- TASK DESCRIPTION
As you print the data below, keep every line exactly as it is and leave the images behind.
★ ★ ★ ★
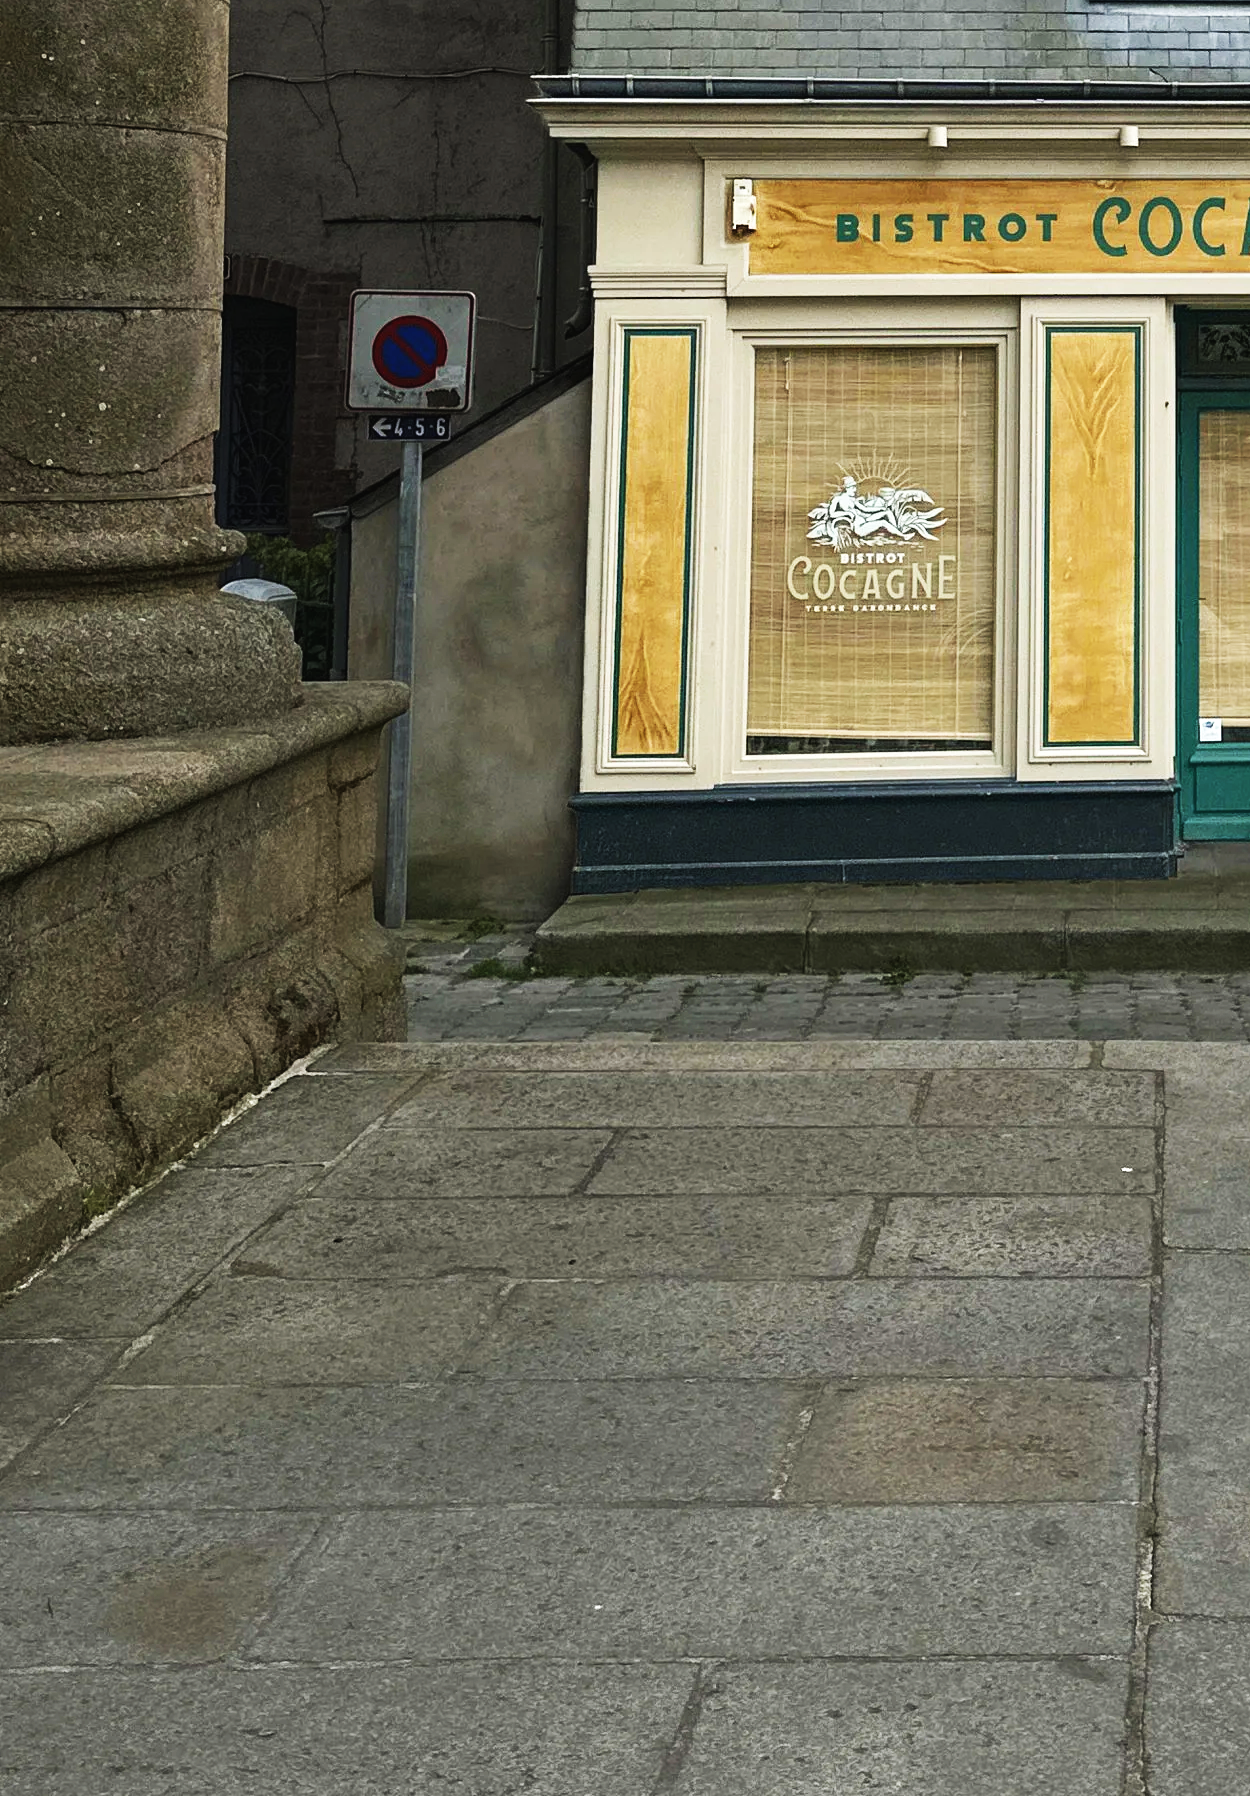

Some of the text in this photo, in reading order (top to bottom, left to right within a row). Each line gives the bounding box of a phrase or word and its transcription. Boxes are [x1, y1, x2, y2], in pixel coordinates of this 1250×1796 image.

[836, 213, 1059, 242] BISTROT
[840, 553, 905, 564] BISTROT
[787, 555, 956, 600] COCAGNE
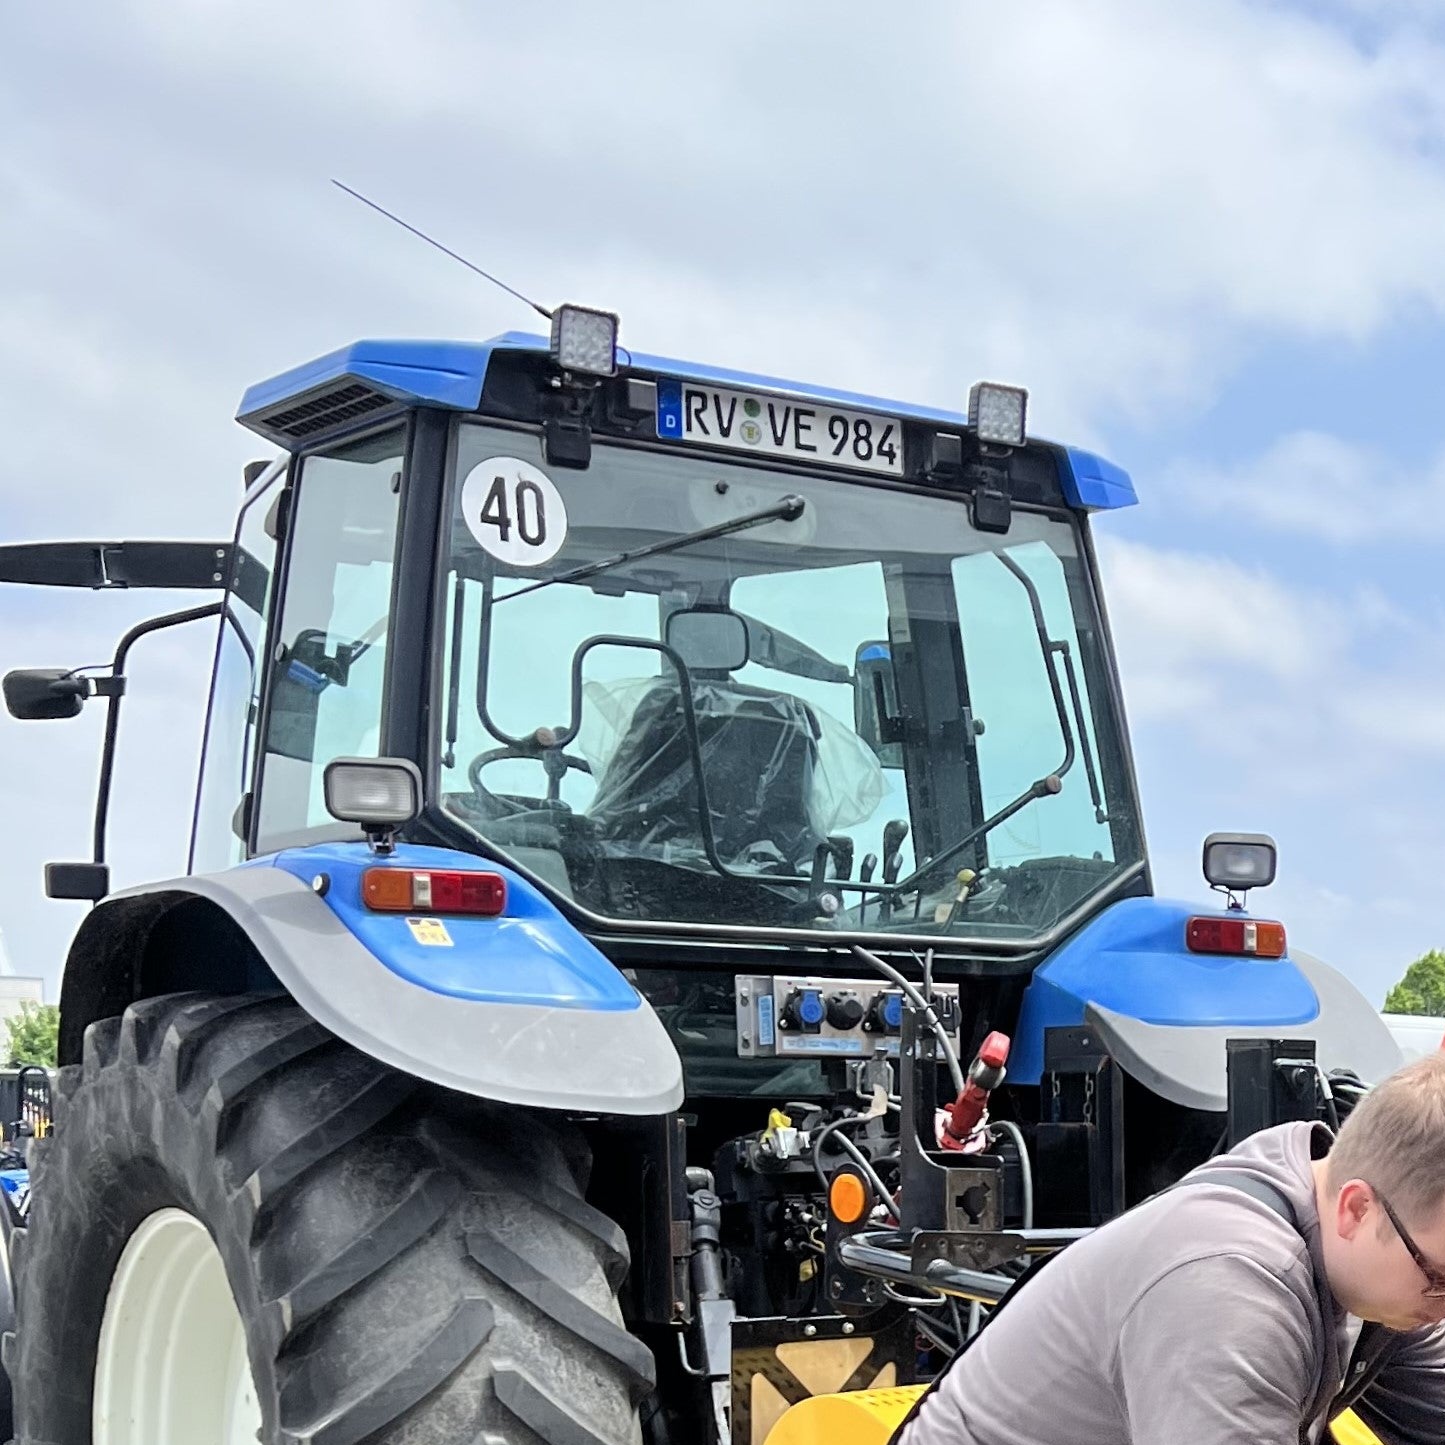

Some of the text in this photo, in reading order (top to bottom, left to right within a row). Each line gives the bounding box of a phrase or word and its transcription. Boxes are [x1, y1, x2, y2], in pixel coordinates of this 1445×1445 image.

[665, 414, 677, 429] D
[685, 389, 897, 466] RV VE 984
[480, 476, 547, 547] 40
★ ★ ★ ★
- RESULT OF THE EXERCISE
Some of the text in this photo, in reading order (top to bottom, left to right within a row). Each line gives the bounding box of a phrase or word and its transcription. Boxes are [x1, y1, x2, y2], in pixel coordinates of this 1250×1796 image.

[836, 213, 1059, 242] BISTROT
[840, 553, 905, 564] BISTROT
[787, 555, 956, 600] COCAGNE

Some of the text in this photo, in reading order (top to bottom, left to right within a row). Each line gives the bounding box of a phrase or word and its transcription. Boxes are [x1, y1, x2, y2], in pixel coordinates of this 1445×1445 image.

[665, 414, 677, 429] D
[685, 389, 897, 466] RV VE 984
[480, 476, 547, 547] 40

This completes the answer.